== Segment start ==

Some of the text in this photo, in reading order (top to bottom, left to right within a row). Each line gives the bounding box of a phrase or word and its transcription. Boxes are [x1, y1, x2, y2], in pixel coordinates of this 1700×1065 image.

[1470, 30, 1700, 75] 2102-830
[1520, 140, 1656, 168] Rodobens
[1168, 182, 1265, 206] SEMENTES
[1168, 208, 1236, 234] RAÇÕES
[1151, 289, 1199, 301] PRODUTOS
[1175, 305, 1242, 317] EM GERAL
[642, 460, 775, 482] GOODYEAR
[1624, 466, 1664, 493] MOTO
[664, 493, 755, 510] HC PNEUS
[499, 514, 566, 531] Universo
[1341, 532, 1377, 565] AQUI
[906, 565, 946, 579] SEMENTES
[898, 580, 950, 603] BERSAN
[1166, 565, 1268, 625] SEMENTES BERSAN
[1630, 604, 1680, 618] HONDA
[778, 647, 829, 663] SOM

== Segment end ==

# PROBLEM DETAILS:
The answer must be the full listing, repeated exactly.

# ANSWER TO THE EXERCISE:
Some of the text in this photo, in reading order (top to bottom, left to right within a row). Each line gives the bounding box of a phrase or word and its transcription. Boxes are [x1, y1, x2, y2], in pixel coordinates of this 1700×1065 image.

[1470, 30, 1700, 75] 2102-830
[1520, 140, 1656, 168] Rodobens
[1168, 182, 1265, 206] SEMENTES
[1168, 208, 1236, 234] RAÇÕES
[1151, 289, 1199, 301] PRODUTOS
[1175, 305, 1242, 317] EM GERAL
[642, 460, 775, 482] GOODYEAR
[1624, 466, 1664, 493] MOTO
[664, 493, 755, 510] HC PNEUS
[499, 514, 566, 531] Universo
[1341, 532, 1377, 565] AQUI
[906, 565, 946, 579] SEMENTES
[898, 580, 950, 603] BERSAN
[1166, 565, 1268, 625] SEMENTES BERSAN
[1630, 604, 1680, 618] HONDA
[778, 647, 829, 663] SOM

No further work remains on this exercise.